Far from the plug-and-go solution that you might expect, Gears is actually just a layer of relatively low-level features that make offline web apps possible. A lot of the hard work is still up to you.
Gears gives you three features, which you access and control in your web application using JavaScript code:
- Local Server
Register a collection of URLs that Gears will download and keep a local copy of for the user. The user’s browser will then transparently receive these local copies, which remain accessible when offline, instead of fetching the online versions. The local copies may be set to update automatically, or only when you want them to. - Database
Store data in a relational database just like you would in your server-side code, except that your users each get their own database. You can also access this database more quickly from your JavaScript code, because the database is stored on the user’s computer. It also remains accessible to your Local Server-cached JavaScript code when the user goes offline. - Worker Pool
The least glamorous part of Gears, unless you’re a total JavaScript geek like me. Essentially makes JavaScript multi threaded, enabling you to run time-consuming operations (like parsing a large XML document, or downloading a bunch of data into a Google Gears database) in the background, without freezing the browser or causing script execution time warning dialog boxes to appear.

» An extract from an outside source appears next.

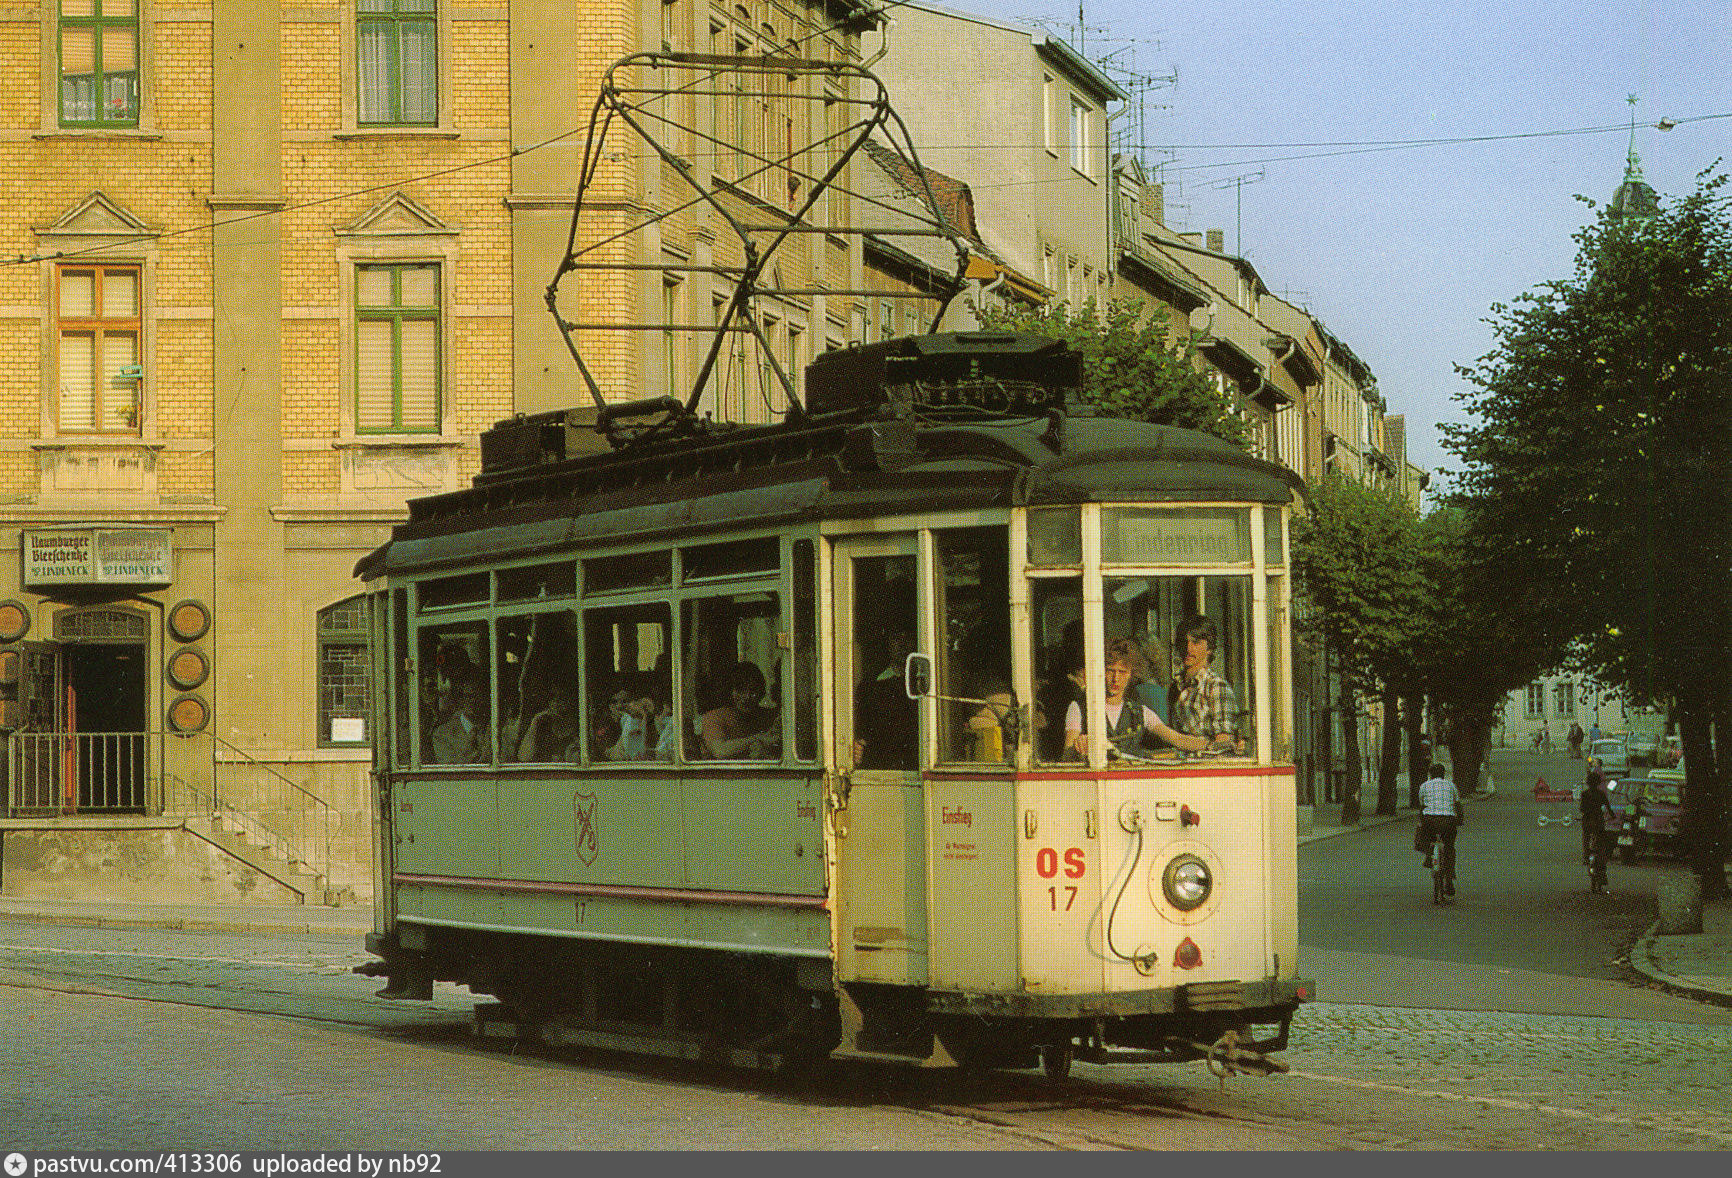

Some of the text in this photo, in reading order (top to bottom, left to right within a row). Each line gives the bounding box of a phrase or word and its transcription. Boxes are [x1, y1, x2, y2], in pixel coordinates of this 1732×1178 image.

With these tools, you can build applications that not only keep working using local copies of HTML, CSS, JavaScript, and image files, but work faster because they can store user-specific data locally instead of having to retrieve it from the server all the time.
No doubt Google’s full range of online services will soon be enhanced with Gears-powered offline support. To begin with, however, Google has started with just one of these services: Google Reader. With Gears installed, you can now switch Reader into offline mode, at which point it will download up to 2,000 articles from your subscribed feeds for you to read offline. This manual switch works well enough, but it does rely on the user to remember to click it before going offline.
Gears doesn’t make these things easy, but it does make them possible, and for now that may be innovation enough. No doubt the easy-to-use application frameworks built on these foundations are already on their way.